But mostly Elf on a Shelf is there to watch all the little boys and girls, note their behaviour, and every night when they're sleeping fly back to the North Pole to tell Santa if they've been naughty or nice.
And in the morning when the kiddies wake, they're supposed to look around the house to find what Elf has been up to.
Now I'm not very original of thought. I'm sure I could be but who's got the time? So I copied some ideas off The Pinterest. 
Here's what our Elf, granted the name 'Rockin Style' by Sonofagun No.2, has been up to:

Graffiti...

Fulfilling his dreams of becoming a superhero....

Inviting some friends around for M&M's and water...

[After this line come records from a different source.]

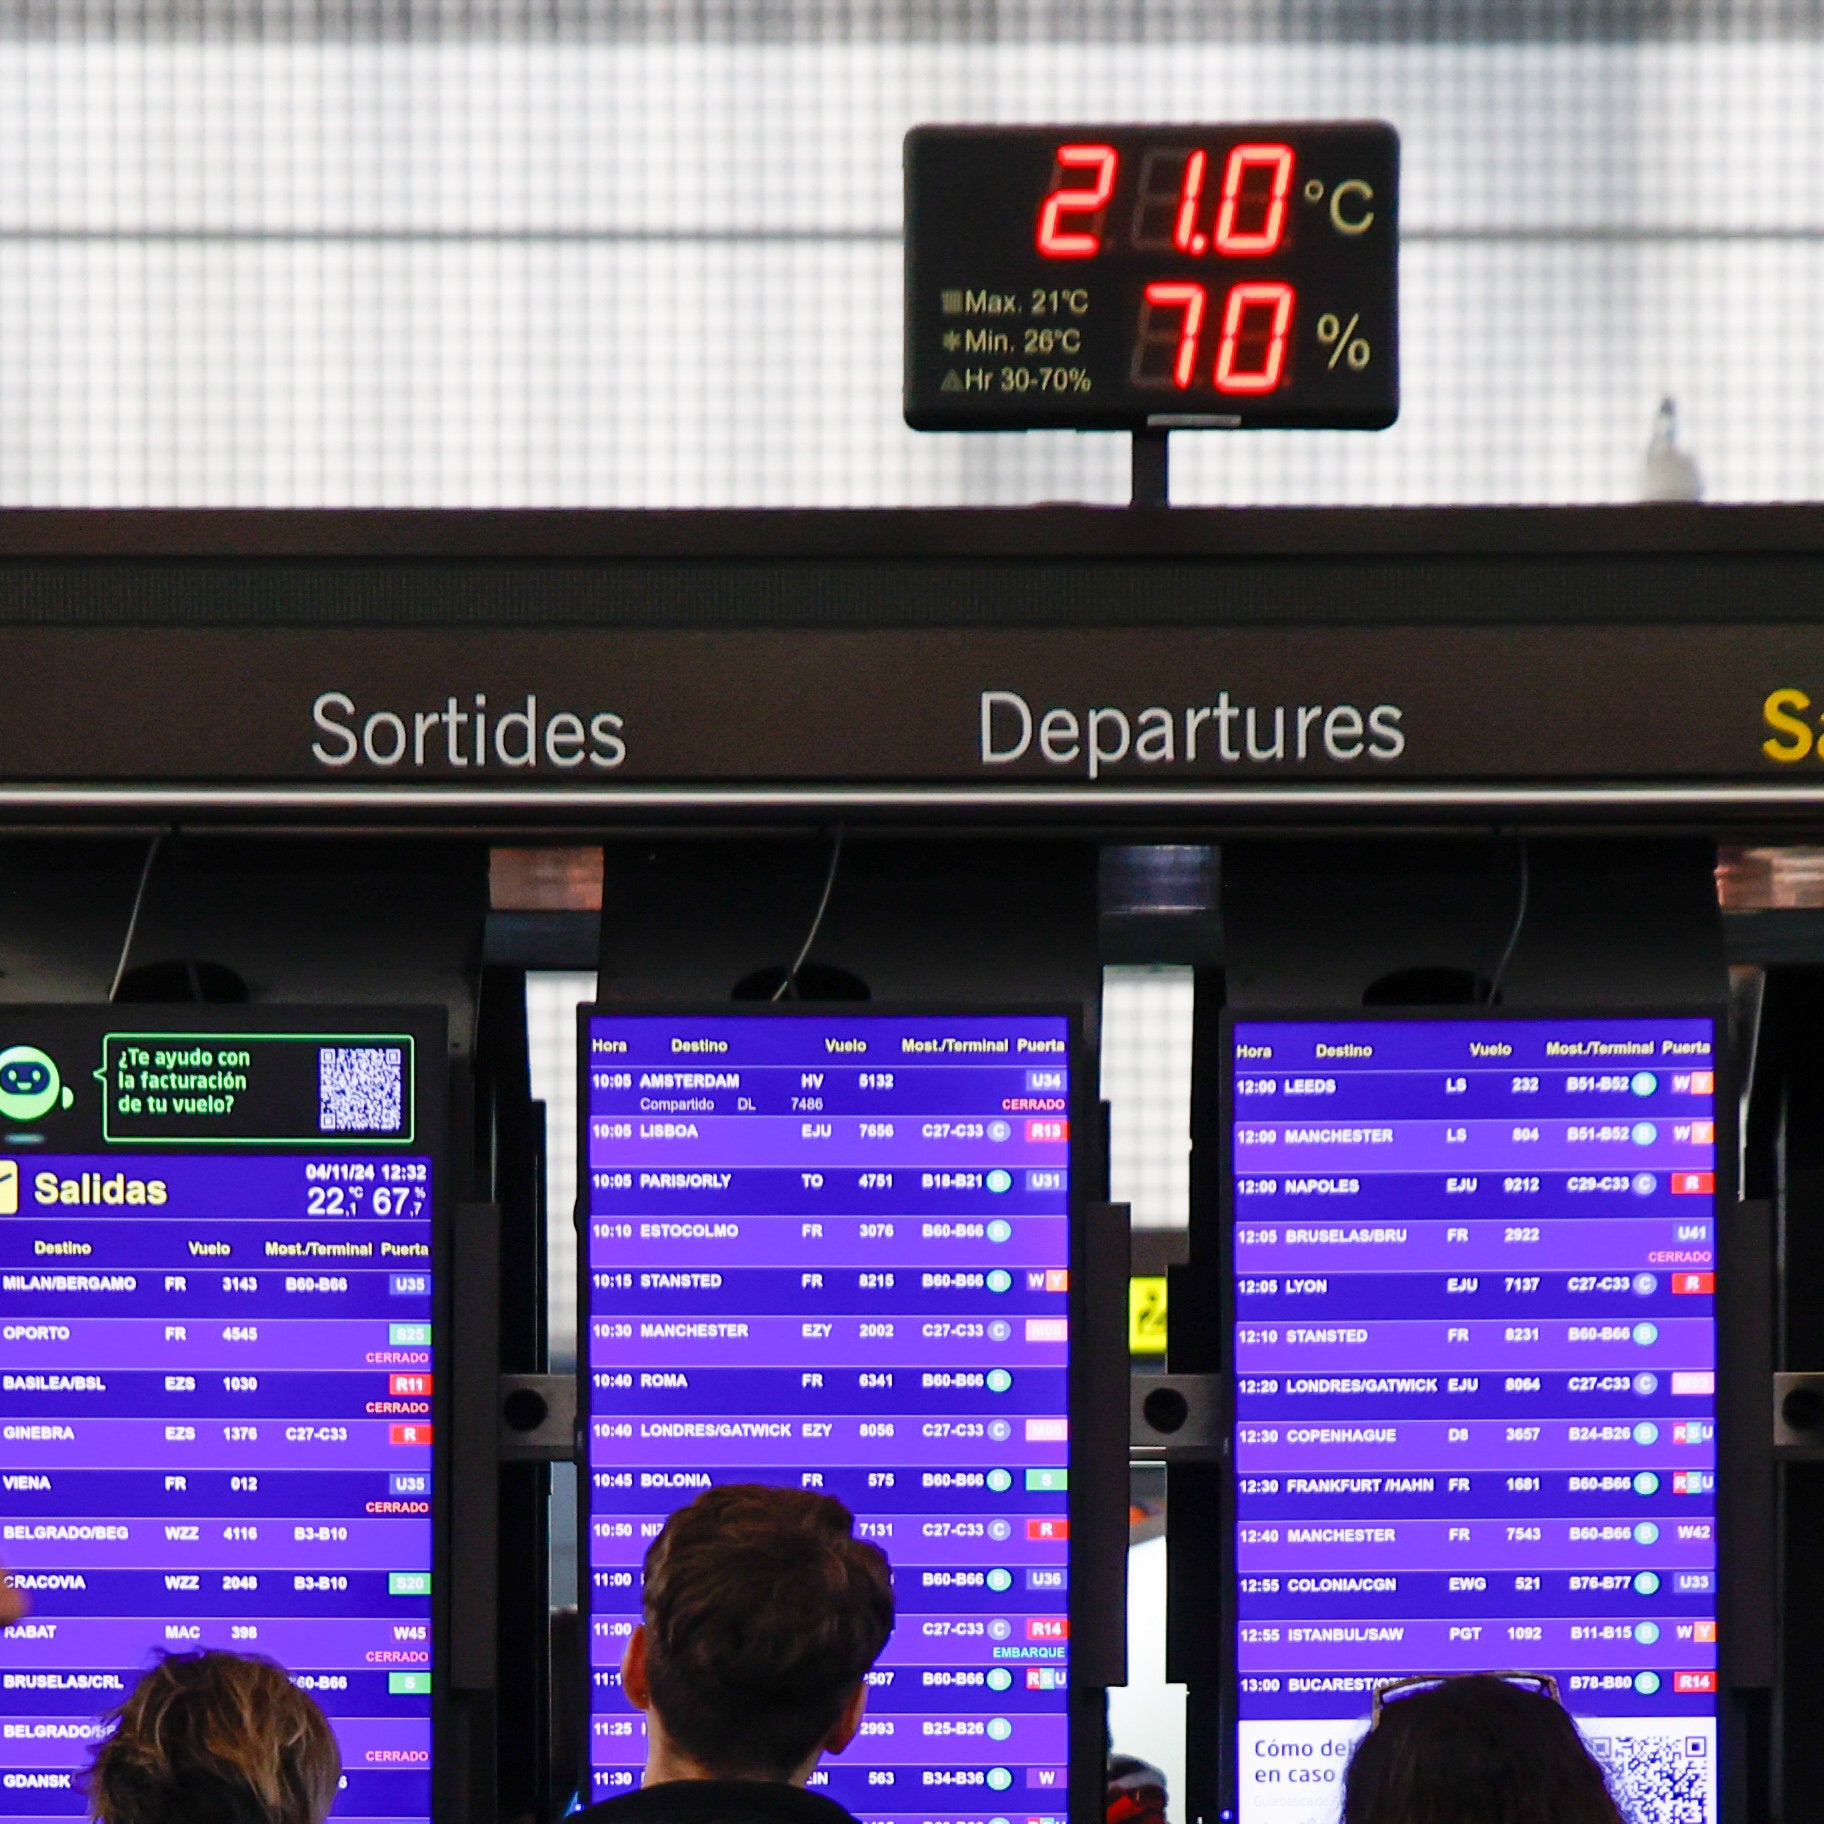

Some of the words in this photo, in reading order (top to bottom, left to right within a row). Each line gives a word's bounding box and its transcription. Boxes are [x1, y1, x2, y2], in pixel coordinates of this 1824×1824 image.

[1303, 179, 1376, 235] °C
[965, 291, 1022, 314] Max.
[1032, 290, 1089, 314] 21°C
[965, 330, 1014, 353] Min.
[1024, 329, 1082, 354] 26°C
[1144, 283, 1296, 394] 70
[1316, 313, 1371, 370] %
[965, 369, 993, 391] Hr
[1001, 368, 1091, 392] 30-70%
[311, 692, 626, 767] Sortides
[981, 691, 1405, 779] Departures
[592, 1038, 627, 1053] Hora
[671, 1038, 728, 1053] Destino
[824, 1038, 867, 1053] Vuelo
[901, 1038, 1009, 1053] Most./Terminal
[1017, 1038, 1065, 1052] Puerta
[1236, 1044, 1272, 1059] Hora
[1315, 1043, 1373, 1058] Destino
[1469, 1042, 1513, 1057] Vuelo
[1546, 1040, 1655, 1056] Most./Terminal
[1662, 1040, 1711, 1055] Puerta
[118, 1047, 150, 1069] ¿Te
[154, 1047, 213, 1070] ayudo
[217, 1051, 250, 1067] con
[118, 1070, 135, 1090] la
[140, 1070, 247, 1090] facturación
[639, 1073, 740, 1089] AMSTERDAM
[1236, 1079, 1277, 1095] 12:00
[1284, 1078, 1337, 1095] LEEDS
[118, 1094, 142, 1113] de
[146, 1096, 168, 1113] tu
[172, 1094, 235, 1113] vuelo?
[639, 1097, 715, 1114] Compartido
[737, 1096, 757, 1111] DL
[1002, 1098, 1066, 1111] CERRADO
[640, 1123, 699, 1139] LISBOA
[1237, 1129, 1277, 1145] 12:00
[1284, 1128, 1394, 1144] MANCHESTER
[305, 1163, 375, 1181] 04/11/24
[381, 1163, 427, 1181] 12:32
[34, 1172, 168, 1205] Salidas
[639, 1173, 732, 1189] PARIS/ORLY
[1237, 1179, 1277, 1195] 12:00
[1284, 1178, 1360, 1194] NAPOLES
[640, 1223, 739, 1238] ESTOCOLMO
[1238, 1229, 1278, 1245] 12:05
[1285, 1228, 1407, 1244] BRUSELAS/BRU
[34, 1240, 92, 1255] Destino
[188, 1241, 231, 1256] Vuelo
[265, 1241, 373, 1256] Most./Terminal
[380, 1242, 429, 1256] Puerta
[2, 1275, 137, 1291] MILAN/BERGAMO
[640, 1273, 722, 1289] STANSTED
[1238, 1279, 1278, 1295] 12:05
[1285, 1279, 1328, 1294] LYON
[2, 1325, 71, 1341] OPORTO
[593, 1323, 633, 1338] 10:30
[640, 1323, 749, 1338] MANCHESTER
[1238, 1329, 1279, 1344] 12:10
[1286, 1328, 1368, 1344] STANSTED
[2, 1375, 106, 1391] BASILEA/BSL
[592, 1373, 633, 1388] 10:40
[640, 1373, 688, 1388] ROMA
[1238, 1379, 1279, 1394] 12:20
[1286, 1377, 1438, 1394] LONDRES/GATWICK
[3, 1425, 75, 1441] GINEBRA
[640, 1423, 792, 1438] LONDRES/GATWICK
[1239, 1429, 1279, 1444] 12:30
[1286, 1428, 1397, 1443] COPENHAGUE
[2, 1475, 52, 1491] VIENA
[640, 1473, 712, 1488] BOLONIA
[1239, 1479, 1279, 1494] 12:30
[1286, 1478, 1381, 1493] FRANKFURT
[3, 1525, 129, 1541] BELGRADO/BEG
[1240, 1529, 1279, 1543] 12:40
[1287, 1528, 1396, 1543] MANCHESTER
[3, 1574, 87, 1590] CRACOVIA
[1240, 1578, 1280, 1593] 12:55
[1287, 1577, 1397, 1593] COLONIA/CGN
[3, 1624, 57, 1639] RABAT
[1240, 1628, 1281, 1643] 12:55
[1288, 1627, 1405, 1642] ISTANBUL/SAW
[992, 1646, 1066, 1659] EMBARQUE
[3, 1674, 125, 1690] BRUSELAS/CRL
[1240, 1678, 1281, 1692] 13:00
[1255, 1739, 1313, 1757] Cómo
[3, 1773, 71, 1789] GDANSK
[1255, 1769, 1280, 1782] en
[1288, 1769, 1335, 1782] caso

And let me tell you fellow Parentals,  the child behaviour has been GOLD!  The Sonofagun who BELIEVES (as opposed to the teenage Sonofagun who thinks it's all a bit of a crock) has been eating all his victuals, marching himself off to perform his nightly ablutions, helping do small 5 year old capable chores AND no complaints about going to bed at night.
Am I a bad mother for convincing my child that a little rubber doll is spying on him for a far, distant, fat man who'll give him pressies in exchange for good behaviour?  When you put it like that, yes.  Quite possibly.  But every morning when he wakes, he leaps out of bed to go see what Elf is up to.
But I think the part of it that's actually so enjoyable is more about generating that magical Christmas feeling many of us felt when we were kids. Elf is a part of that.  Making this time of year FEEL MAGICAL compared to the rest of the year. Teaching our spawn about Santa Claus and Rudolf and seeing their excitement when they find pressies in their stockings, watching the Carols on Christmas Eve, enjoying The Eggnog, eating the fattening victuals, and spending time with family.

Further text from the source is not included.